Tive um chefe que me acusava de ser detalhista demais, de me concentrar em pequenos detalhes que, segundo ele, não iriam influenciar o todo. Sempre contra argumentei defendendo a tese de que o somatório das chamadas pequenas coisas é que provoca a grande crise.
No dia a dia, verificamos exemplos disto. Como a pessoa que descarta um papel, por menor que seja, na rua, sem se dar ao trabalho de guardá-lo até encontrar uma lixeira. Ou aqueles que, mais jovens, ocupam os lugares reservados para idosos nos ônibus e ficam irritados quando estes lembram que é deles o direito de sentar naqueles espaços. Ou ainda homens e mulheres que estacionam seus carros em vagas destinadas especificamente para idosos e deficientes ou gestantes e reagem com agressividade aos que por ventura chamam sua atenção por não serem idosos, deficientes e muito menos gestantes.
Temos também os motoristas que não respeitam a sinalização de trânsito, sejam as sinaleiras, as faixas de segurança ou as proibições de estacionamento, e com isto colaboram para o caos que se instalou em nossas ruas. E muitos ciclistas que preferem circular entre carros ou em cima das calçadas do que utilizar as ciclovias que aos poucos vão sendo criadas.
Haveria muito ainda a relacionar. Mas acredito que tais exemplos mostram que o passar dos anos, ao contrário do que seria imaginável e desejável, nos fez regredir em termos de sociedade. Tornamo-nos, em nossa grande maioria, pessoas amargas, ensimesmadas, descorteses, sem solidariedade, radicais ao extremo na defesa dos nossos pontos de vista, sem respeitar o direito dos demais de pensarem diferente.
Como resultado deste caldo de “pequenos detalhes”, coisas corriqueiras como o exercício do voto ou o comparecimento a um estádio para assistir a um jogo de futebol, antigamente momentos de congraçamento e lazer, se transformaram em ocasiões de alto risco.
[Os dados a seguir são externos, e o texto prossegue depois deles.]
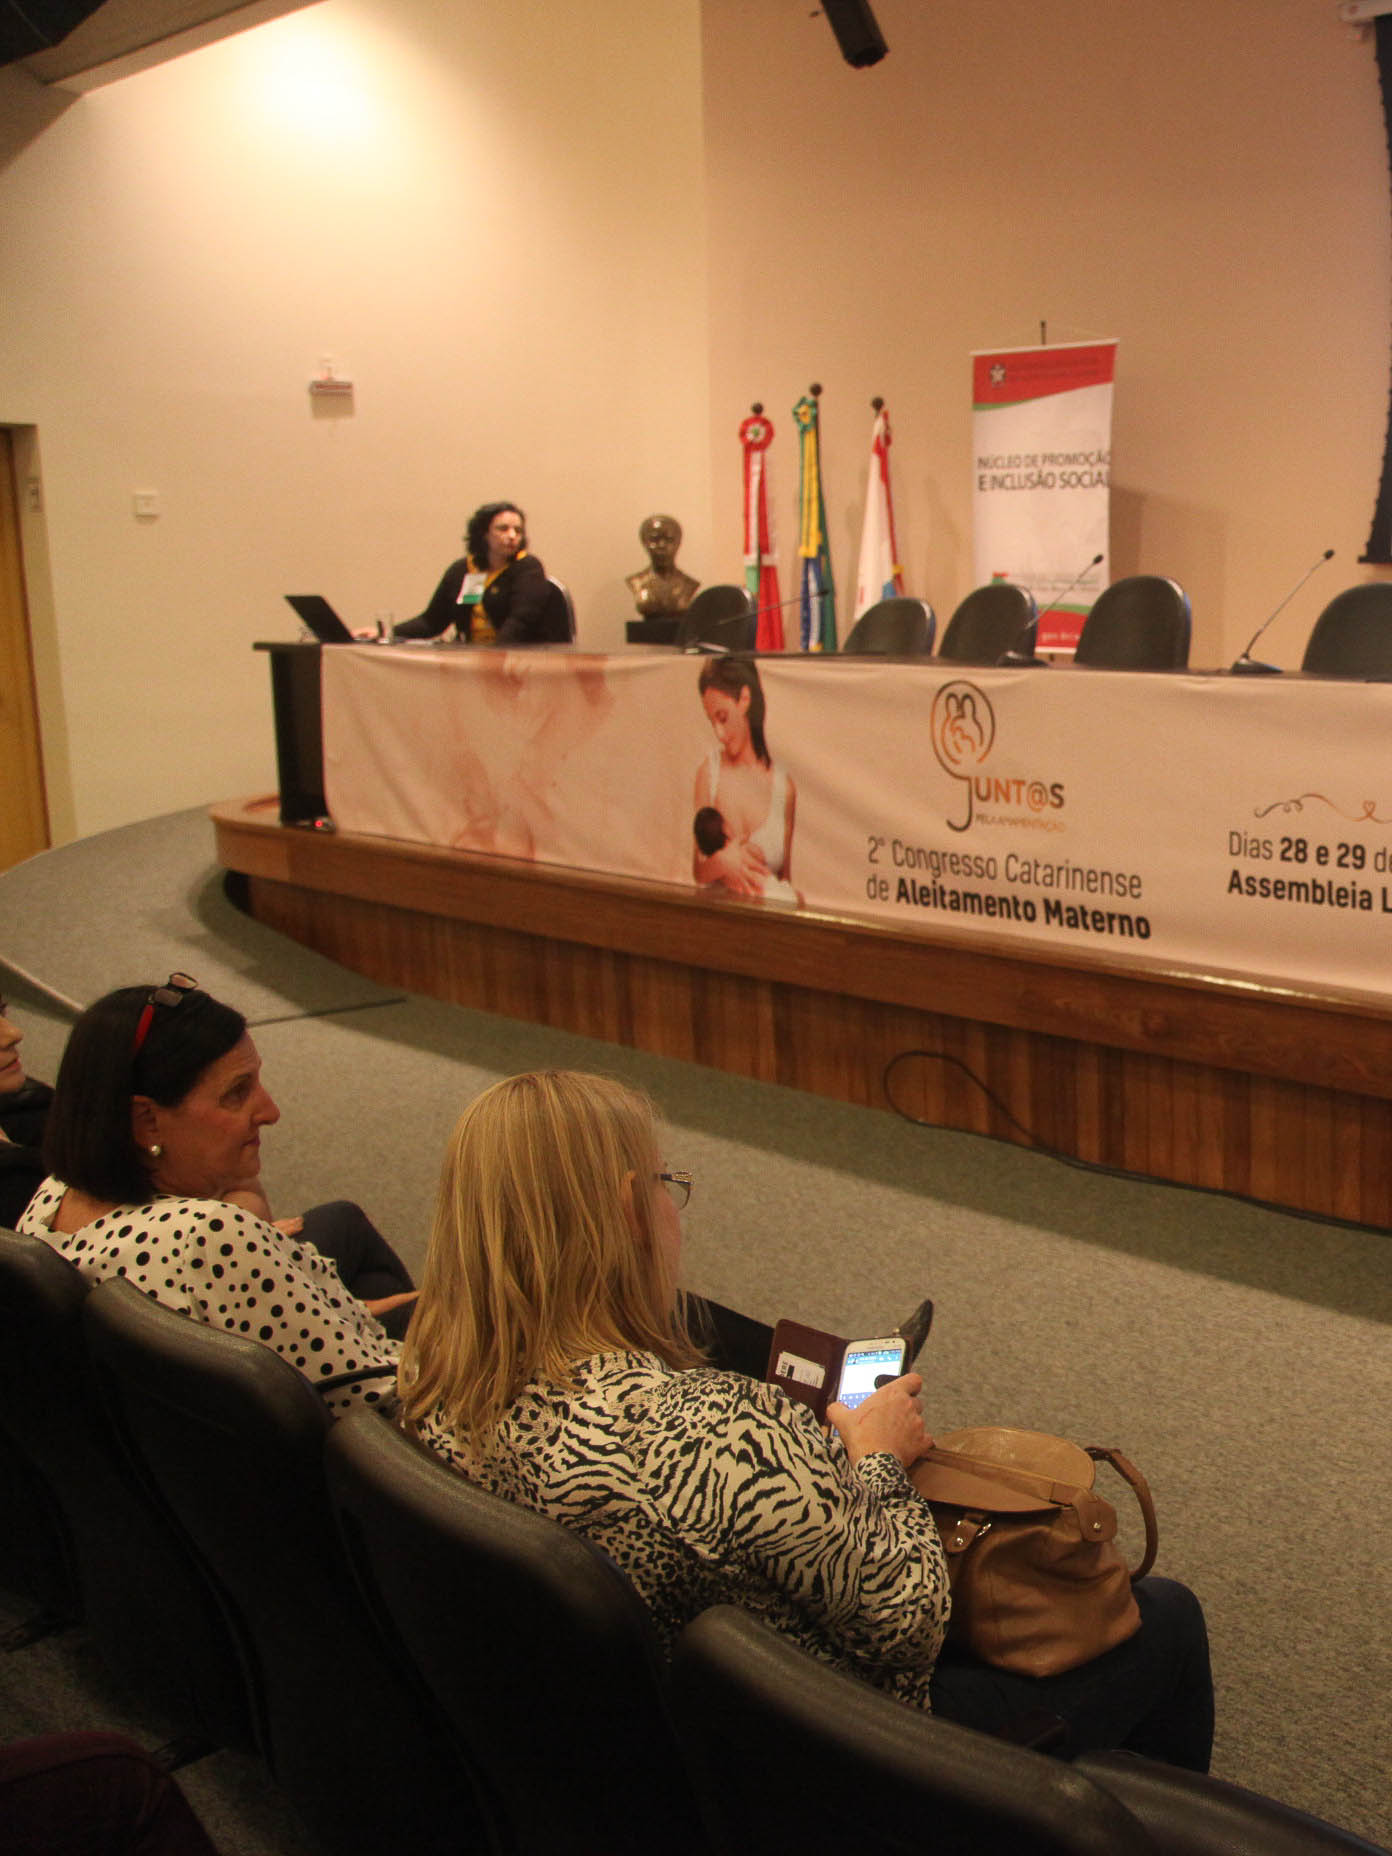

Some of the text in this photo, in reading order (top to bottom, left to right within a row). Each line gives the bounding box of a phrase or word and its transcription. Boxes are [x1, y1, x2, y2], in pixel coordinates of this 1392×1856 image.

[891, 839, 998, 880] Congresso
[1005, 854, 1143, 899] Catarinense
[1228, 830, 1274, 860] Dias
[1279, 836, 1308, 864] 28
[1315, 844, 1329, 866] e
[1336, 842, 1366, 870] 29
[866, 875, 1151, 940] de Aleitamento Materno
[1227, 869, 1373, 911] Assembleia
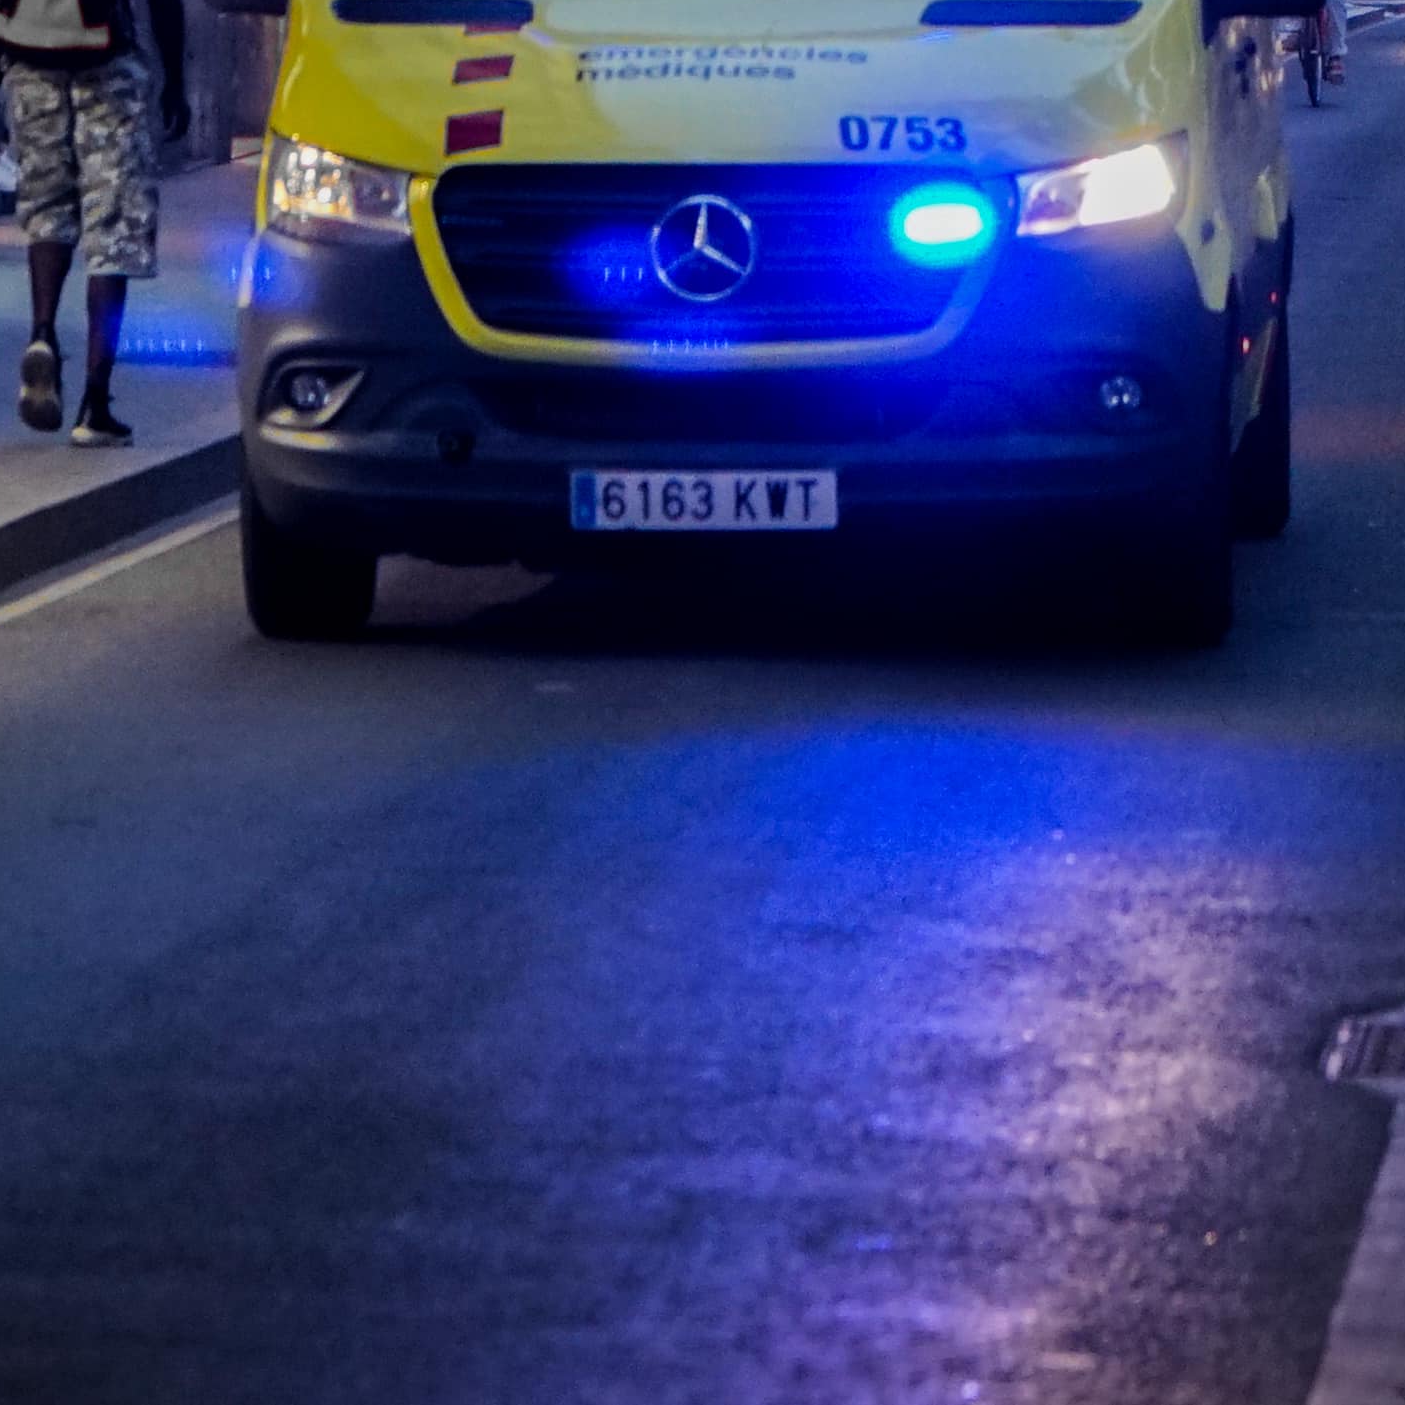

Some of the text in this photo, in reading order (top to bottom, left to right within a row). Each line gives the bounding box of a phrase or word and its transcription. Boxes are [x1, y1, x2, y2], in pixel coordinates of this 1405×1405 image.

[839, 114, 968, 152] 0753
[602, 477, 818, 522] 6163 KWT
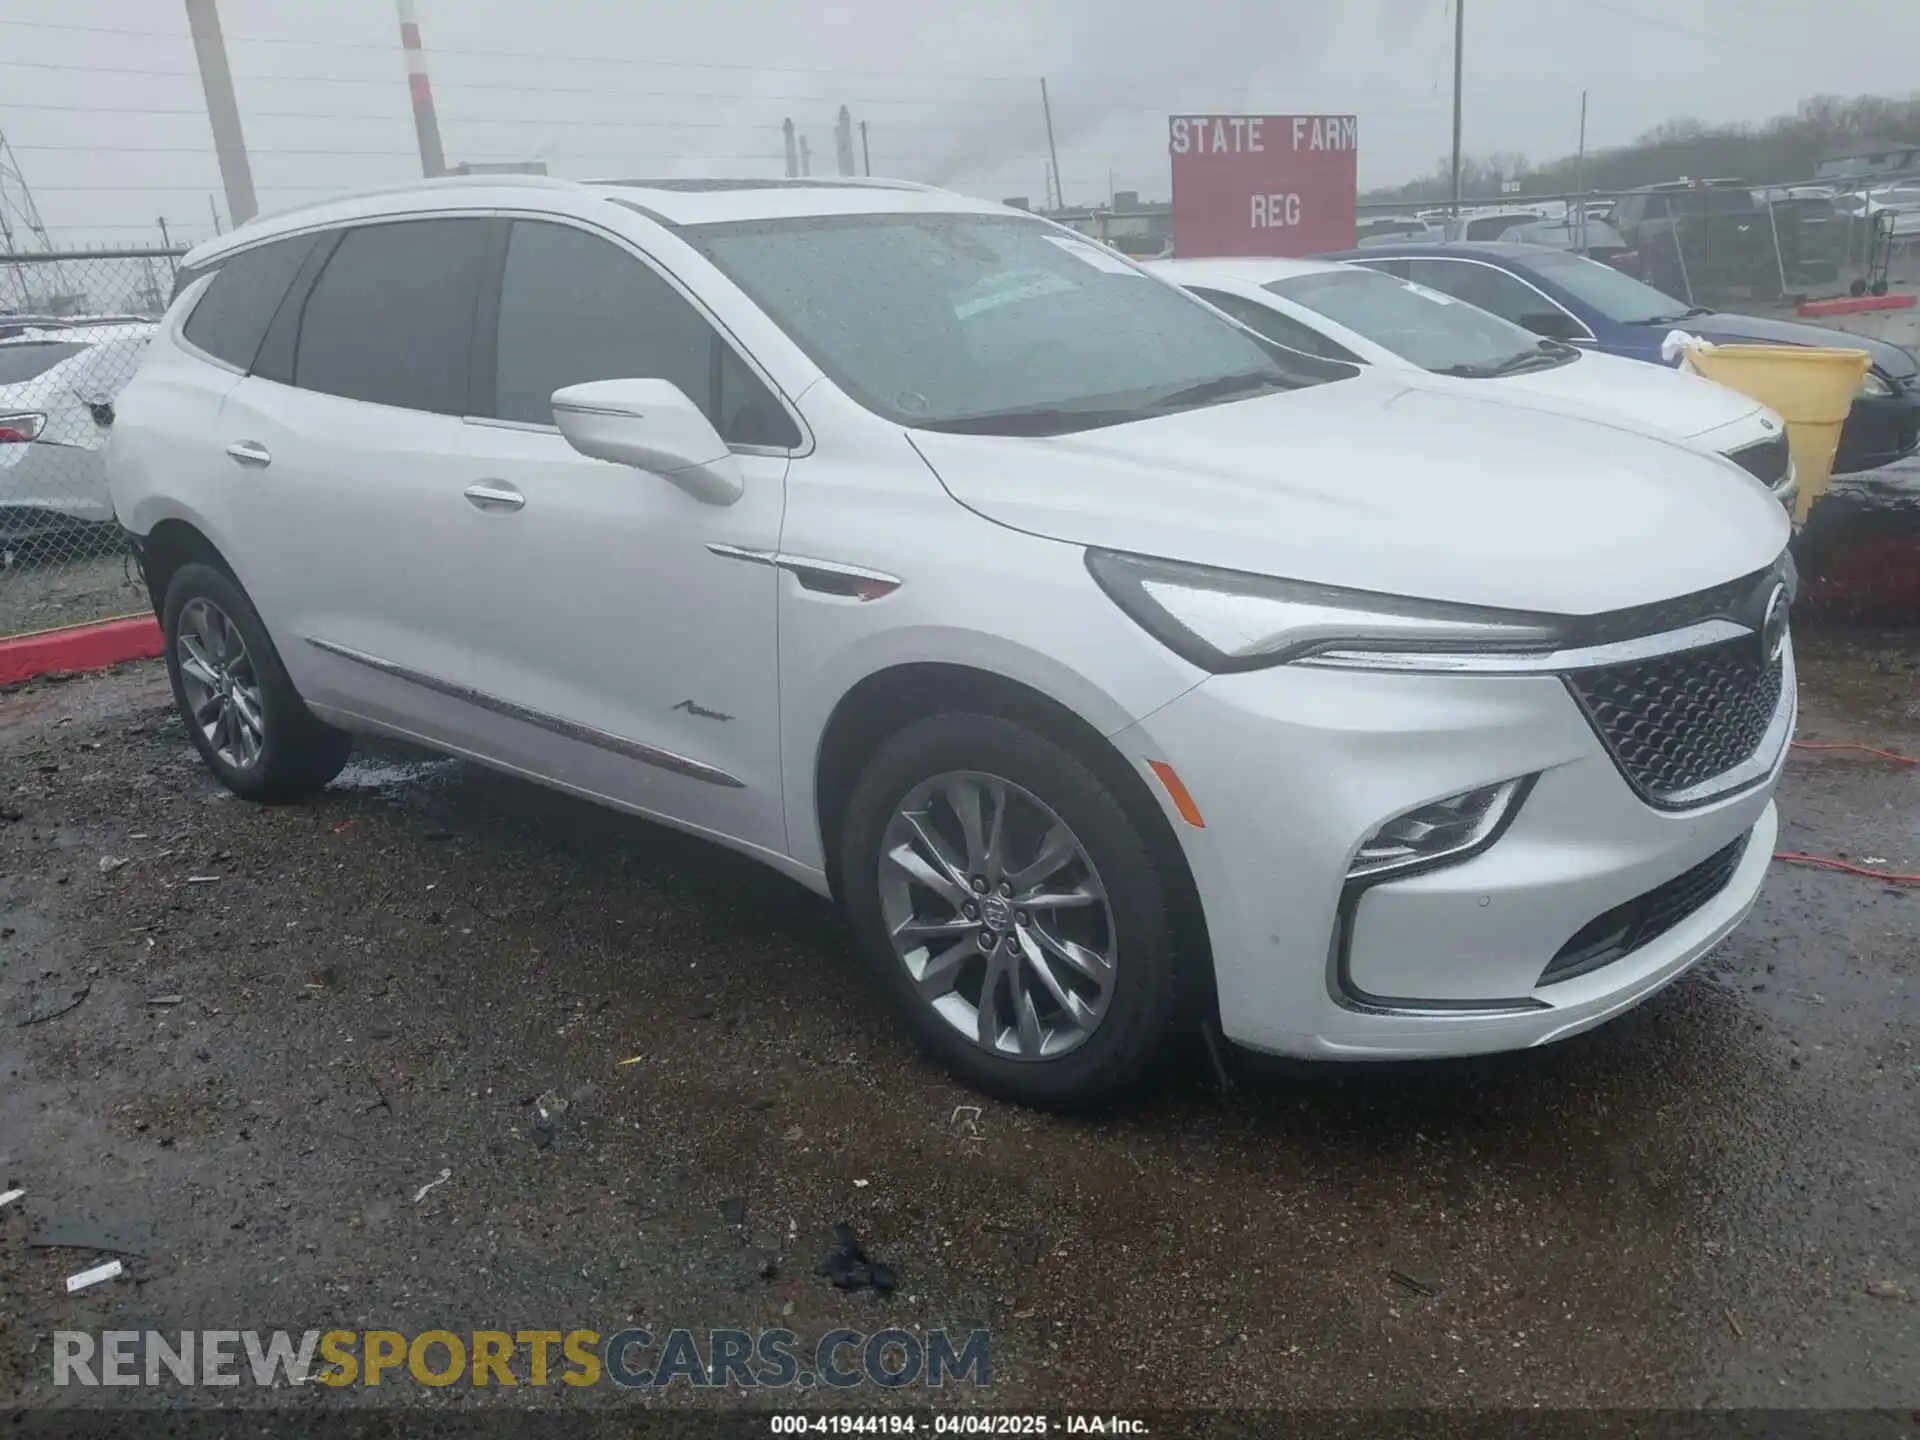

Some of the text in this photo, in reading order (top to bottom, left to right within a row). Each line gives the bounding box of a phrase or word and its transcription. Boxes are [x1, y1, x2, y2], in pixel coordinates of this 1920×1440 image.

[1171, 116, 1357, 154] STATE FARM
[1251, 193, 1301, 229] REG
Partidários desta ou daquela sigla destilam ódio em vez de defender ideias ou ideais, e os torcedores dos nossos dois principais clubes já não podem conviver em um mesmo espaço sob pena de uma grande tragédia com um incalculável número de vítimas.
De minha parte, prefiro o tempo dos comícios políticos, e dos dias de eleição em que correligionários de todos os matizes caminhavam lado a lado sem agressões ou ofensas; e dos grenais em que gremistas e colorados dividiam quase igualitariamente espaços no Olímpico ou no Beira-Rio.
Mas estes talvez sejam outros dois pequenos detalhes.